Data Integrity: the ticking time bomb
Tuesday, May 19th, 2009I’ve read a great post on David Lacey’s blog. Very clearly, he points out how most people and organizations are forgetting that information security is based is a three-pillar house (Availability, Confidentiality and Integrity, or CIA).
Availability was the main focus some years ago. Denial-of-service was the main worry, and business continuity was the focus of organizations. Then came the turn for confidentiality, and encryption became something that was -almost- everywhere. The impacts of a loss in availibility is big; the impact of a loss of confidentiality is bigger… and scarier.
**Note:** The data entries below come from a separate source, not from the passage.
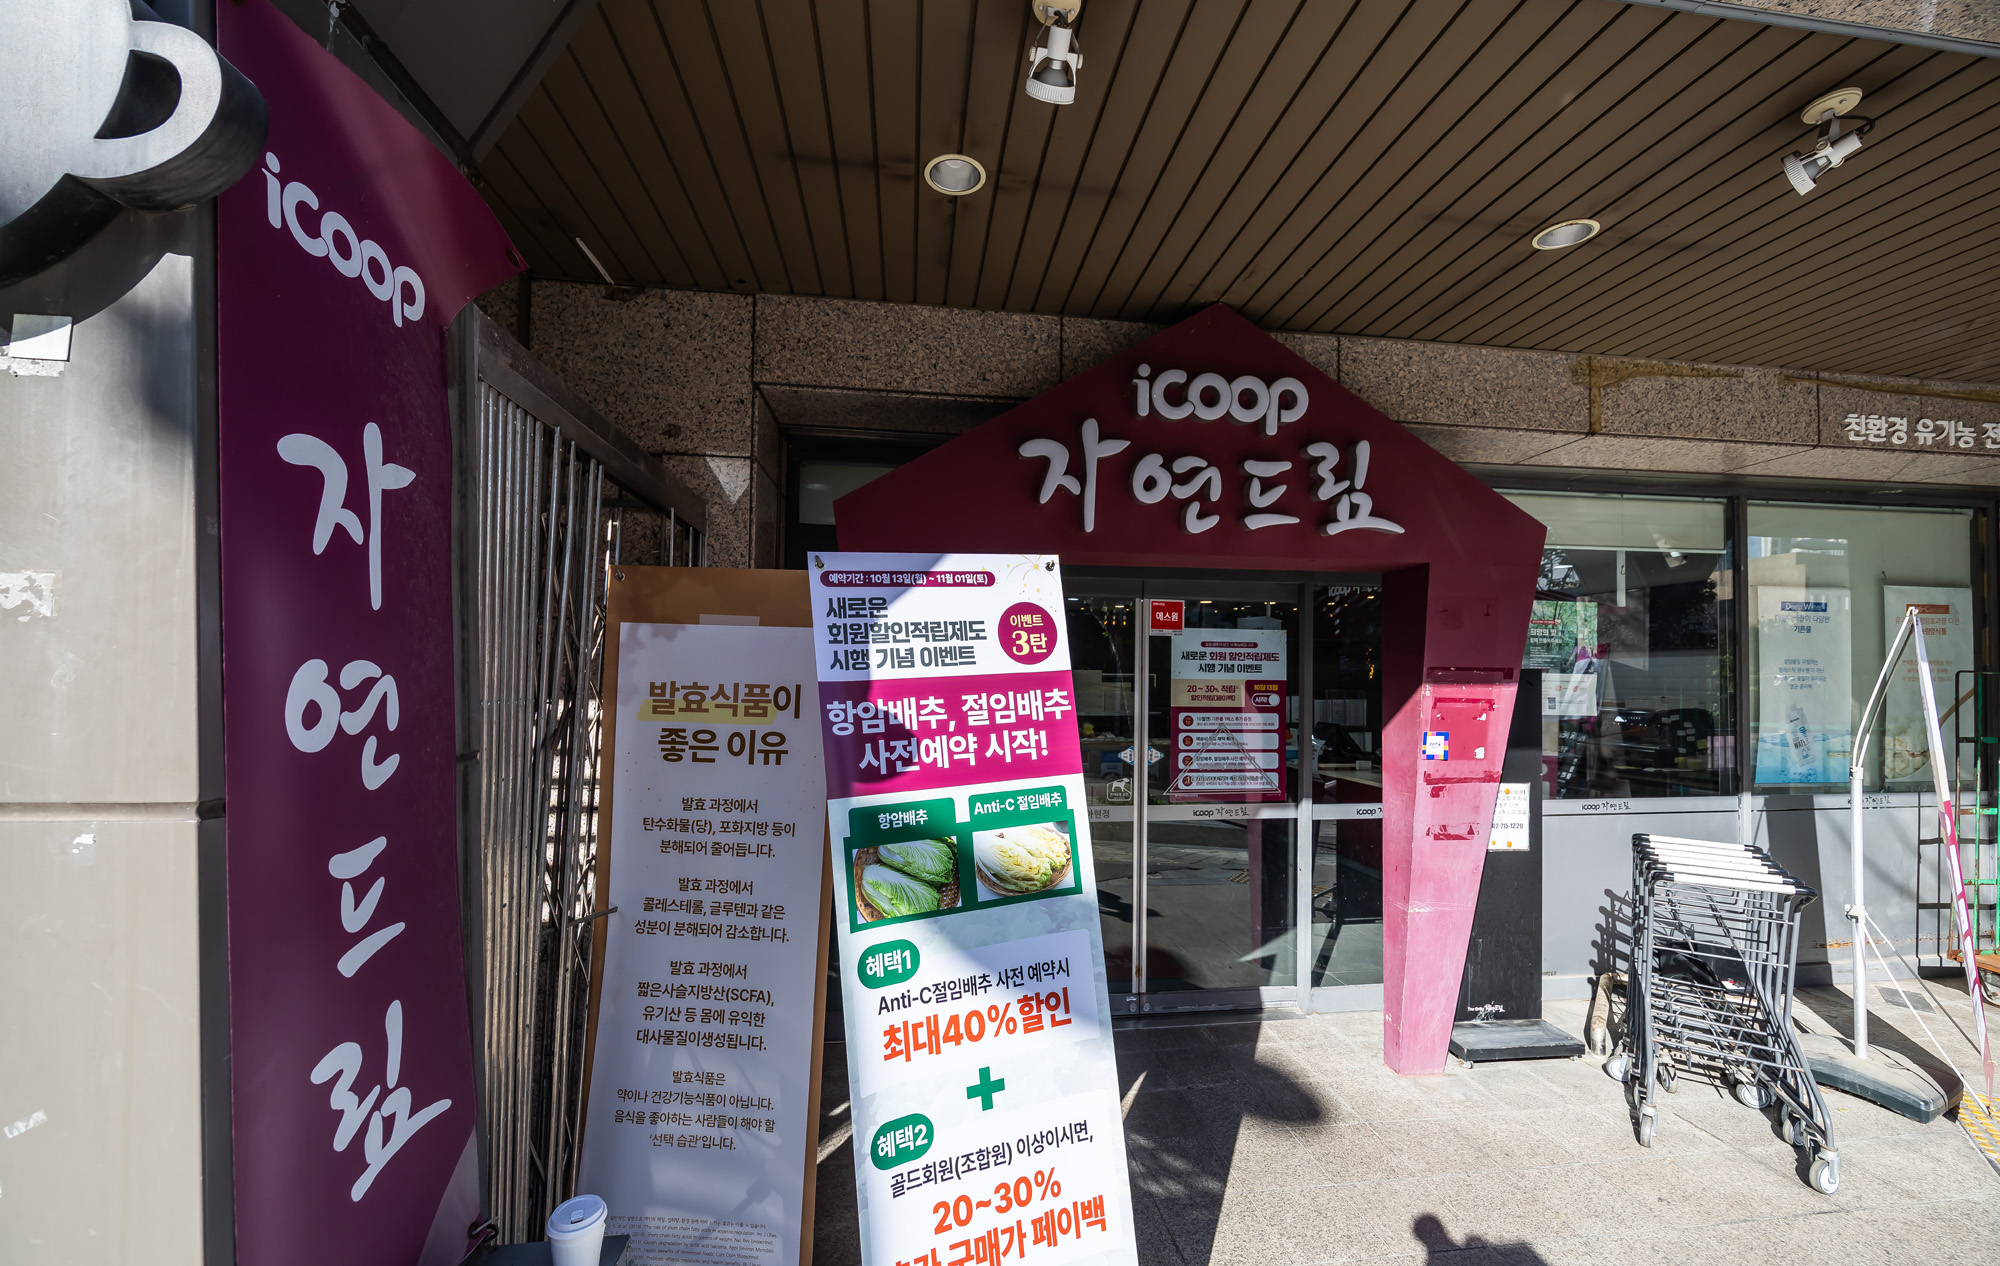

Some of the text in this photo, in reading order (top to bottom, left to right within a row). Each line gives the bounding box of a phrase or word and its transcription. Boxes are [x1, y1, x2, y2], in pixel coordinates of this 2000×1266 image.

[261, 151, 426, 328] icoop
[1132, 363, 1309, 436] icoop
[1844, 413, 1908, 445] 친환경
[1913, 418, 1977, 448] 유기농
[1018, 418, 1405, 536] 자연드림
[828, 573, 865, 584] 예약기간
[870, 574, 891, 584] 10월
[891, 573, 927, 585] 13일(월)
[936, 574, 954, 584] 11월
[954, 574, 988, 585] 01일(토)
[826, 596, 888, 620] 새로운
[1155, 611, 1179, 622] 에스원
[827, 620, 987, 645] 회원할인적립제도
[1009, 614, 1044, 628] 이벤트
[1012, 630, 1048, 656] 3탄
[830, 646, 977, 671] 시행 기념 이벤트
[1180, 651, 1280, 662] 새로운 회원 할인적립제도
[1198, 663, 1263, 673] 시행 기념 이벤트
[648, 681, 802, 719] 발효식품이
[826, 688, 1072, 736] 항암배추, 절임배추
[657, 727, 789, 766] 좋은 이유
[859, 727, 1049, 775] 사전예약 시작!
[277, 421, 452, 1203] 자연드림
[681, 797, 758, 814] 발효 과정에서
[973, 792, 1063, 815] Anti-C 절임배추
[1192, 806, 1250, 818] icoop 자연드림
[1356, 808, 1377, 816] icoop
[1581, 801, 1631, 811] icoop 자연드림
[642, 817, 796, 837] 탄수화물(당), 포화지방 등이
[878, 809, 928, 830] 항암배추
[659, 839, 776, 858] 분해되어 줄어듭니다.
[678, 877, 754, 895] 발효 과정에서
[642, 897, 785, 920] 콜레스테롤, 글루텐과 같은
[634, 919, 790, 943] 성분이 분해되어 감소합니다.
[670, 960, 748, 980] 발효 과정에서
[865, 949, 912, 979] 혜택1
[637, 981, 775, 1007] 짧은사슬지방산(SCFA),
[878, 957, 1070, 1015] Anti-C절임배추 사전 예약시
[642, 1005, 766, 1028] 유기산 등 몸에 유익한
[883, 987, 1072, 1062] 최대40%할인
[672, 1070, 726, 1086] 발효식품은
[616, 1088, 774, 1111] 약이나 건강기능식품이 아닙니다.
[614, 1110, 776, 1133] 음식을 좋아하는 사람들이 해야 할
[876, 1123, 928, 1159] 혜택2
[890, 1120, 1094, 1199] 골드회원(조합원) 이상이시면,
[932, 1167, 1062, 1236] 20~30%
[1031, 1195, 1107, 1248] 페이백
But now comes the time for data integrity. Right now, few decision-making minds in organizations focus on that, or care about it. But still, the impact of a loss in data integrity is -and here we agree with Mr. Lacey- huge. What if somebody changed the data -intentionally or not? Results can go from from undermining the people’s (think about the recent alleged attack by a hacker to the Virginia Health Professions Database) or even fraud (think about the Satyam Computers‘ case.
And it gets darker. The problem comes not only by safeguarding integrity, but also to the long and painful process of recovering from one of this attacks: how to know exactly which data is trustworhty (i.e. hasn’t been tampered with) and what is not?
It is surprising that currently there is not a big concern about this. We are guessing that unfortunately this concern will come when it is too late, and there are many breaches in data integrity and costs and consequences are there to remind us of its important. That is why, in David Lacey’s words, it a time-bomb, waiting to explode.